Why should I pay for this AWS design decision?

I was writing a utility in Python (using boto) to test/play with Amazon’s SQS service. As boto isn’t particularly well documented where SQS specifically is concerned, I also plan to post some examples (either here or on Linuxlaboratory.org, or both). When I had some trouble getting a message that was sent to a queue, I went to the Amazon documentation, and found this little gem in the Amazon Web Services FAQ

I am sure that my queue has messages, but a call to ReceiveMessage returned none. What could be the problem?

Due to the distributed nature of the queue, a weighted random set of machines is sampled on a ReceiveMessage call. That means only the messages on the sampled machines are returned. If the number of messages in the queue is small (less than 1000), it is likely you will get fewer messages than you requested. If the number of messages in the queue is extremely small, you might not receive any messages in a particular ReceiveMessage response. Your application should be prepared to poll the queue until a message is received. Note that with the 2008-01-01 version of Amazon SQS, you’re charged for each request you make, so set your polling frequency with that in mind.
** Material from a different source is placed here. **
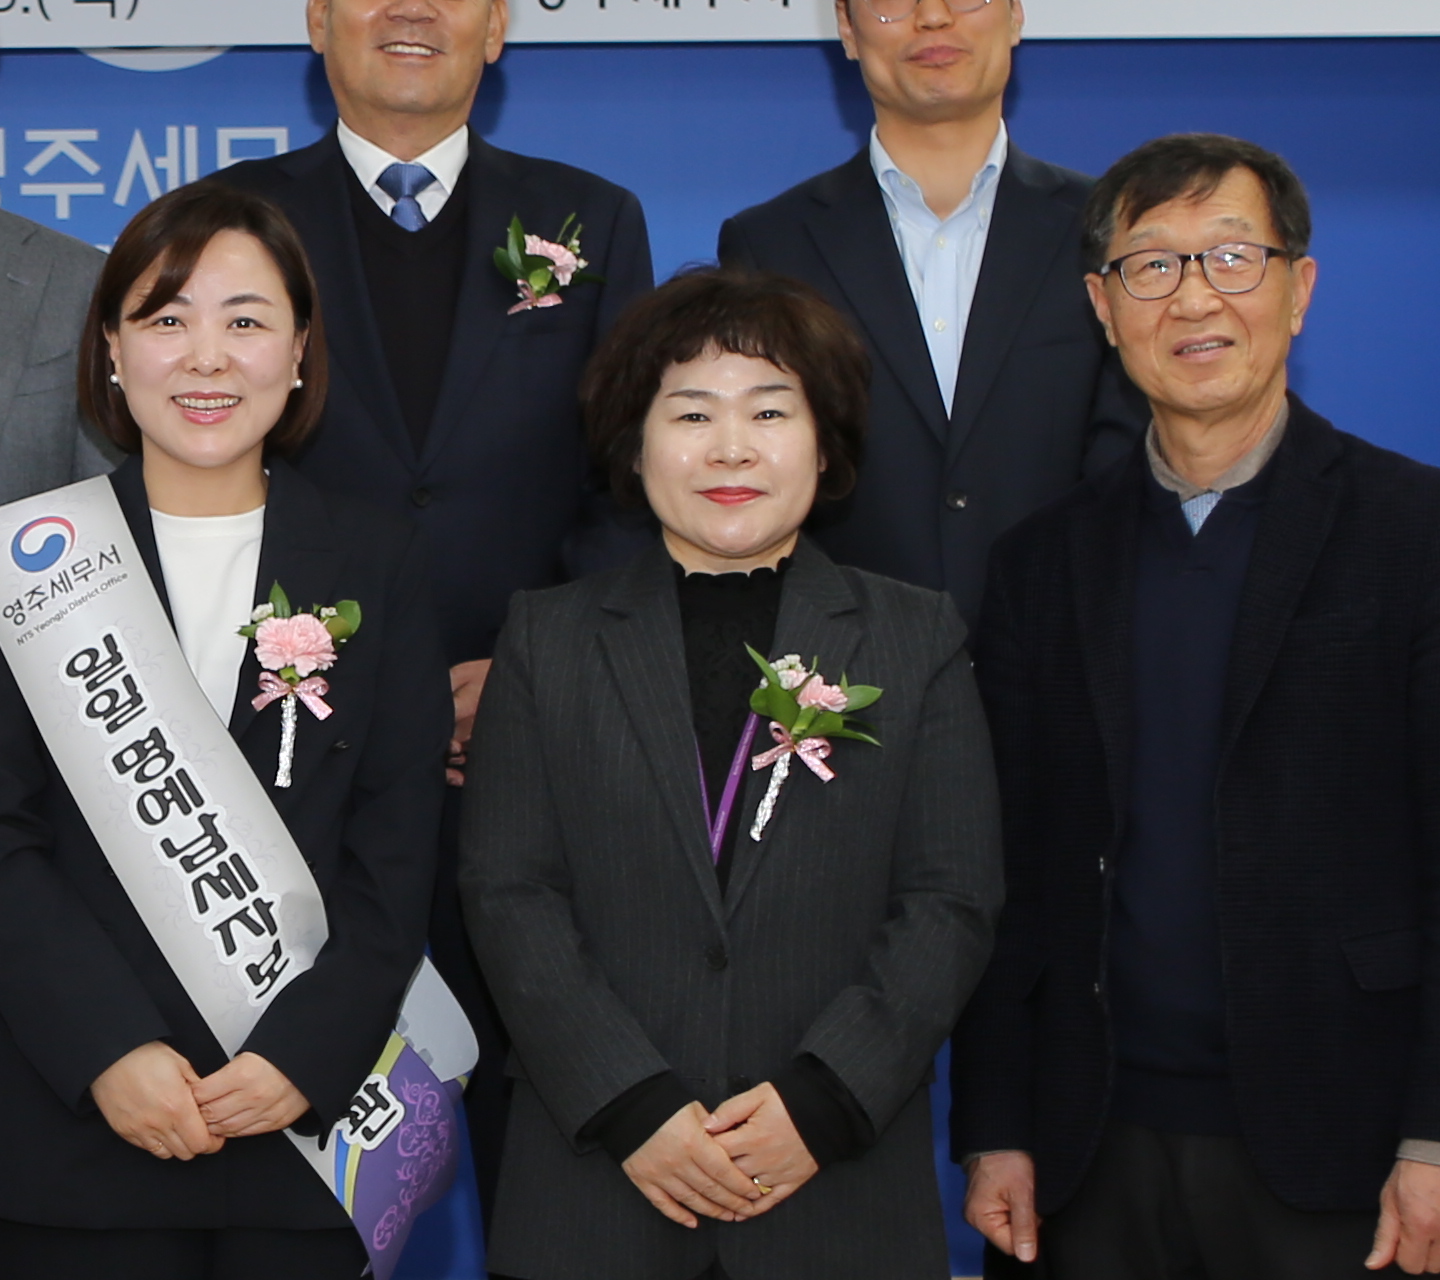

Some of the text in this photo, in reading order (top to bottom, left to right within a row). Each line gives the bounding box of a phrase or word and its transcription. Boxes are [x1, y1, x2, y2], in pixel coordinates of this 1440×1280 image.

[2, 543, 122, 626] 영주세무서
[16, 571, 129, 647] NTS Yeongju District Office
[64, 631, 148, 735] 일일
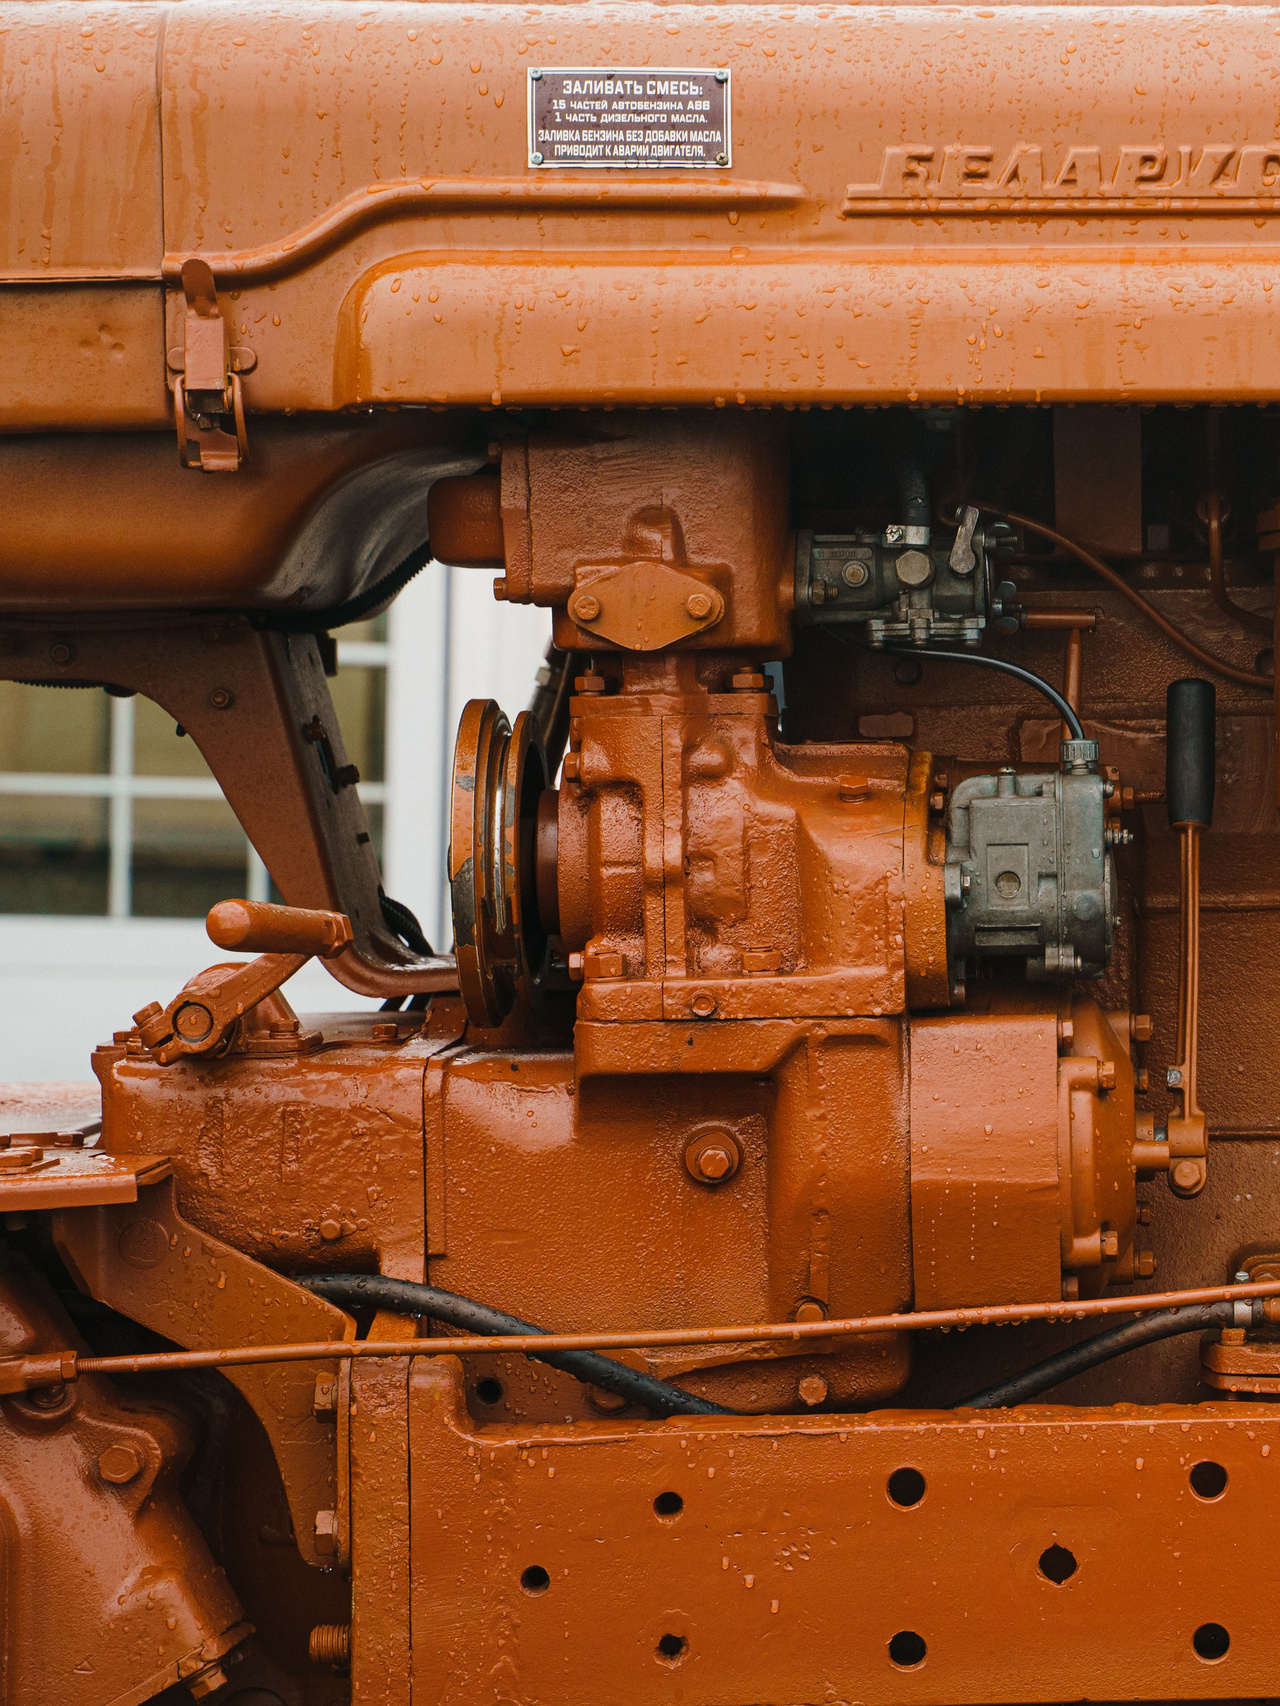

So… if you were planning to decouple application components using SQS using an ‘eventual consistency’ model, keep in mind that they’re using the same model, and that they’re charging you for the privilege of eventually getting the messages you’ve already paid to put there, but aren’t necessarily available at any given point in time. I personally think this is a little goofy, and wrong.

If I put a message in a queue, I should be charged for actually getting the message. I should *not* be charged for checking to see if Amazon’s internal workings have made my messages available to me yet.

  • http://felter.org/ Wes Felter

    Amazon would have us believe that you have to pay one way or the other; presumably they chose eventual consistency because it is cheaper to implement than the alternatives.

  • http://groovie.org/ Ben Bangert

    Also, the latest boto’s SQS appears to be broken entirely. This is what I found out with our companies project when I accidentally used easy_install and got the latest boto. Reverting down to boto 0.9d apparently remedies the situation. I’d suggest trying 0.9d and using the fetch_queue, cause with the latest boto, it always came back empty.

  • http://codedemigod.com Alaa Salman

    I believe that this design decision is shared by all distributed, fault-tolerant system. I was reading an article about their SimpleDB, i think, where they said that the system sync occurs after like 6 minutes or so. So you can’t count it for any real time data handling.

    Think about it, how can you make a distributed fault-tolerant system which acts synchronously?

    How the system updates(and thus how frequently), of course, is another matter. There’s a lot of potential for innovation here.

  • http://www.ironfroggy.com/ Calvin Spealman

    Fault tolerance is just something you should expect to need, and that is all this is. The system is designed for massive scale, so obviously there is a trade off for the lower end of use.

    Kind of ironic how Amazon and Google and friends built these massively scaling platforms, turned around to sell them to others, just to have an enormous number of teeny, tiny things running on them.